The tax provision for interim periods is determined using an estimate of the Company’s annual effective tax rate, adjusted for discrete items arising in that quarter. The Company’s effective tax rate differs from the U.S. statutory tax rate in the three and six months ended June 30, 2023 primarily due to changes in valuation allowances on deferred tax assets as it is more likely than not that some or all of the Company’s deferred tax assets will not be realized.
The Company evaluates its tax positions on a quarterly basis and revises its estimate accordingly. The Company recorded immaterial interest and penalties during the three and six months ended June 30, 2023.
12. NET LOSS PER COMMON SHARE
Basic and diluted net loss per common share attributable to common stockholders are the same for the three and six months ended June 30, 2023 and 2022, since the inclusion of all potential shares of common stock outstanding would have been anti-dilutive due to the Company’s net loss.
The table below summarizes potentially dilutive securities that were excluded from the computation of net loss per common share as of the periods presented because including them would be anti-dilutive.
2023 | 2022 | |||||||
Common stock options | 47,933,020 | 46,163,926 | ||||||
Common stock warrants | 762,712 | 762,712 | ||||||
Unvested restricted stock units | 600,000 |
– |
||||||
Unvested restricted stock |
– |
687,502 | ||||||
Potentially dilutive securities | 49,295,732 | 47,614,140 |
13. RELATED PARTY TRANSACTIONS
For the three and six months ended June 30, 2023 and 2022, the Company did not have any transactions with related parties.
14. SUBSEQUENT EVENTS
Share Issuances and Business Combination
In September 2023, prior to the closing of the Business Combination, the Company completed the Equity Raise.

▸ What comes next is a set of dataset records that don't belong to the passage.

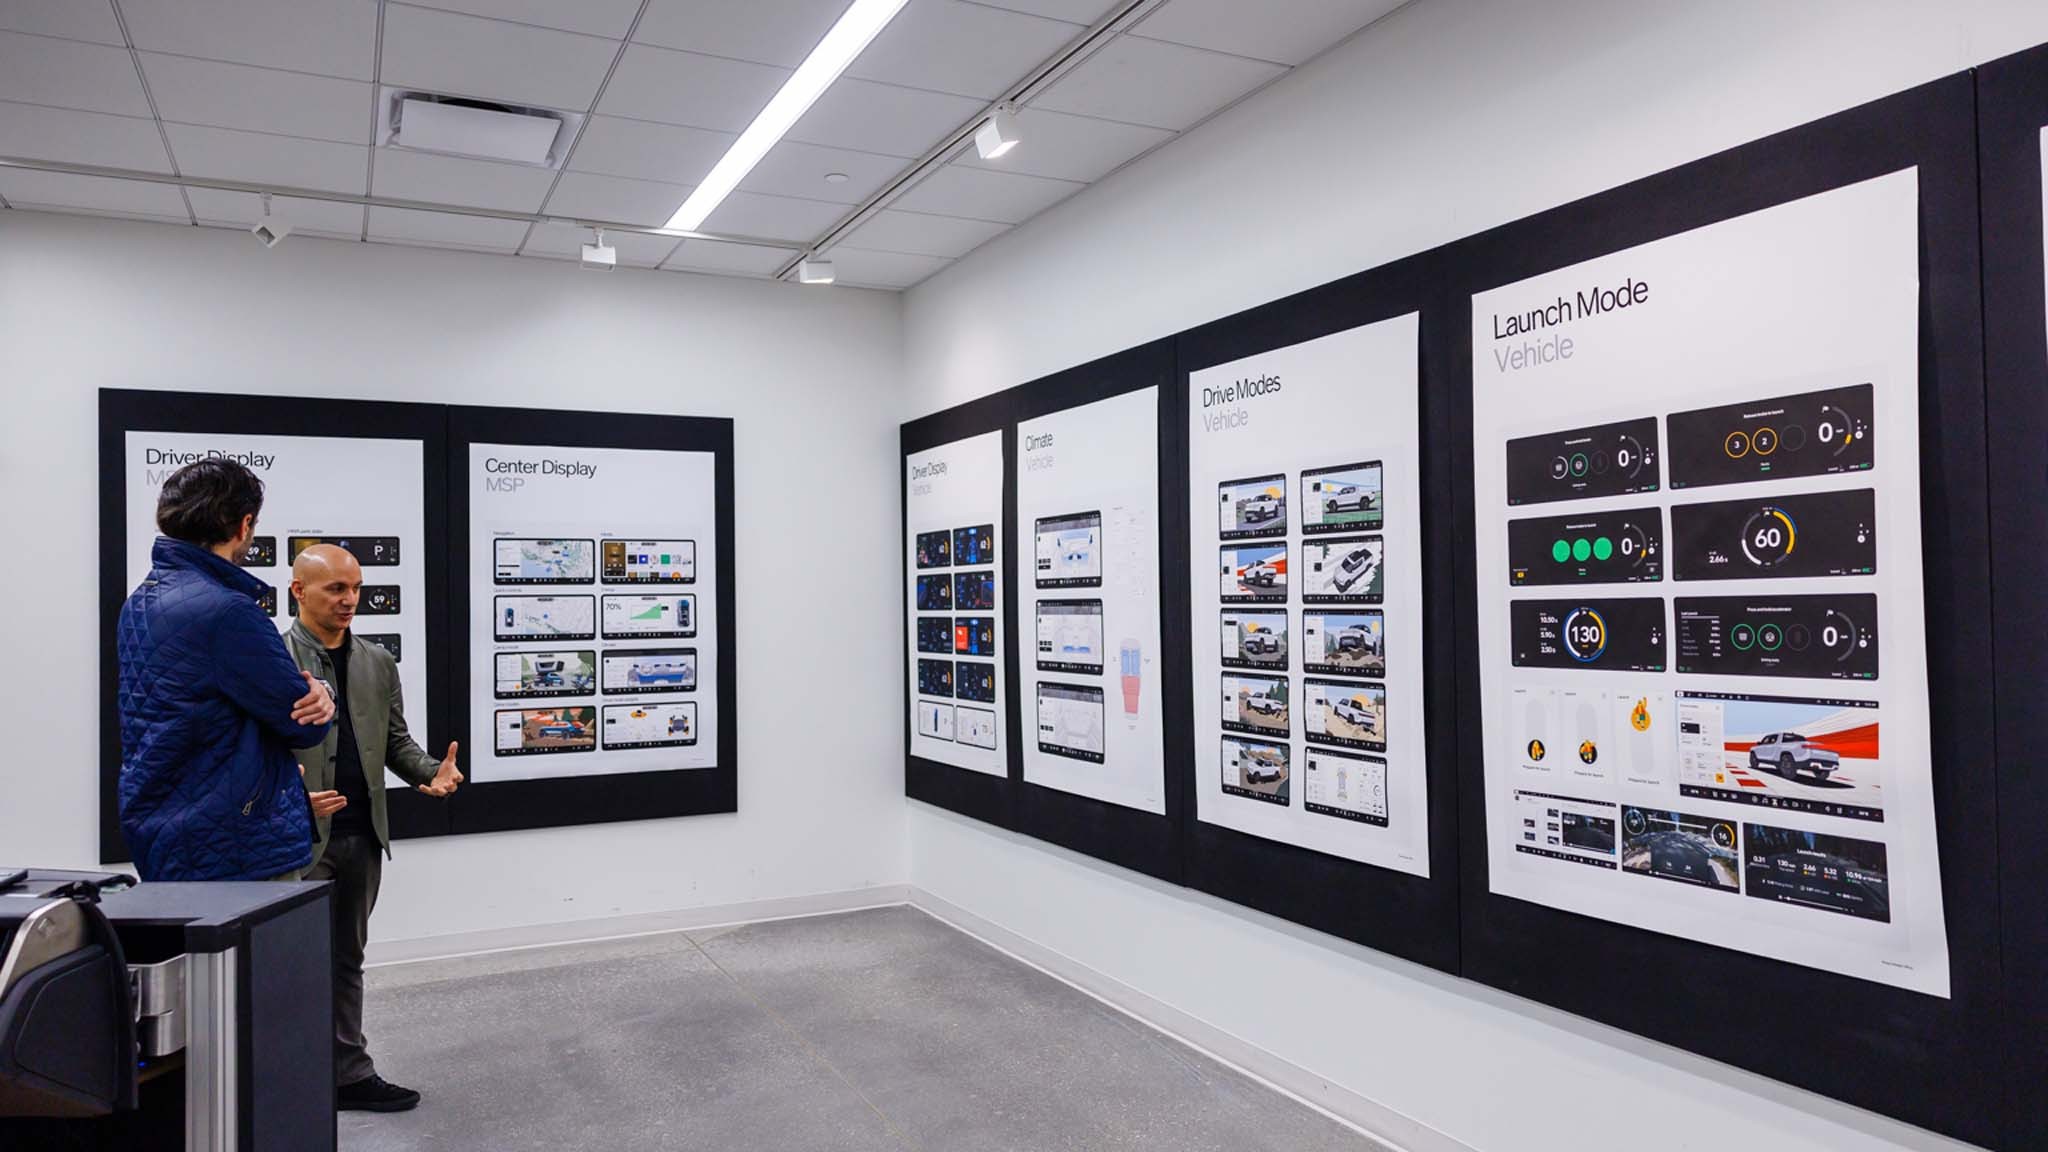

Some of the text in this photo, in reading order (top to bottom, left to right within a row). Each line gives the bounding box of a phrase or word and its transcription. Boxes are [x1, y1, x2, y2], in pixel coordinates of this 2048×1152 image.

[1493, 277, 1649, 340] Launch Mode
[1493, 333, 1574, 373] Vehicle
[1203, 373, 1282, 408] Drive Modes
[1203, 408, 1249, 433] Vehicle
[1025, 432, 1054, 451] Climate
[1818, 422, 1833, 443] 0
[146, 447, 204, 466] Driver
[1618, 449, 1629, 467] 0
[485, 457, 598, 479] Center Display
[486, 477, 525, 492] MSP
[1621, 537, 1633, 555] 0
[1754, 527, 1781, 549] 60
[374, 545, 384, 556] P
[374, 595, 385, 604] 59
[605, 602, 622, 611] 70%
[1571, 626, 1600, 643] 130
[1823, 626, 1838, 647] 0

Spectral MD Holdings, Ltd.
Notes to Unaudited Financial Statements
On September 11, 2023 (the “Closing”), the Company consummated the Business Combination with Rosecliff, whereby all of the Company’s 137,701,673 shares of common stock and the Equity Issuance common stock were exchanged by Rosecliff for 13,316,464 and 744,667, respectively, ordinary shares of Rosecliff, at an exchange ratio of 10.31.
Pursuant to the Business Combination Agreement, on the Closing, in sequential order: (a) Ghost Merger Sub I merged with and into the Company, with the Company continuing as the surviving company as a wholly owned subsidiary of Rosecliff (the “Spectral Merger”) and then, (b) the Company merged with and into Ghost Merger Sub II (the “SPAC Merger”, together with the Spectral Merger (the “Merger”)), with Ghost Merger Sub II surviving the SPAC Merger as a direct wholly-owned subsidiary of Rosecliff. Rosecliff was renamed Spectral AI, Inc. (“Spectral AI” or the “Combined Company”).
In conjunction with the closing, options to purchase 46,592,862 shares of the Company’s common stock and 600,000 RSUs were exchanged for options to purchase 4,519,191 shares of Spectral AI’s ordinary shares and 58,196 RSUs of Spectral AI. Additionally, the warrants to purchase 762,712 of the Company’s common stock were exchanged for warrants to purchase 73,978 ordinary shares of Spectral AI’s common stock.
On September 12, 2023, Spectral AI began trading its shares on the NASDAQ stock exchange after delisting its shares from the AIM market of the London Stock Exchange on September 7, 2023.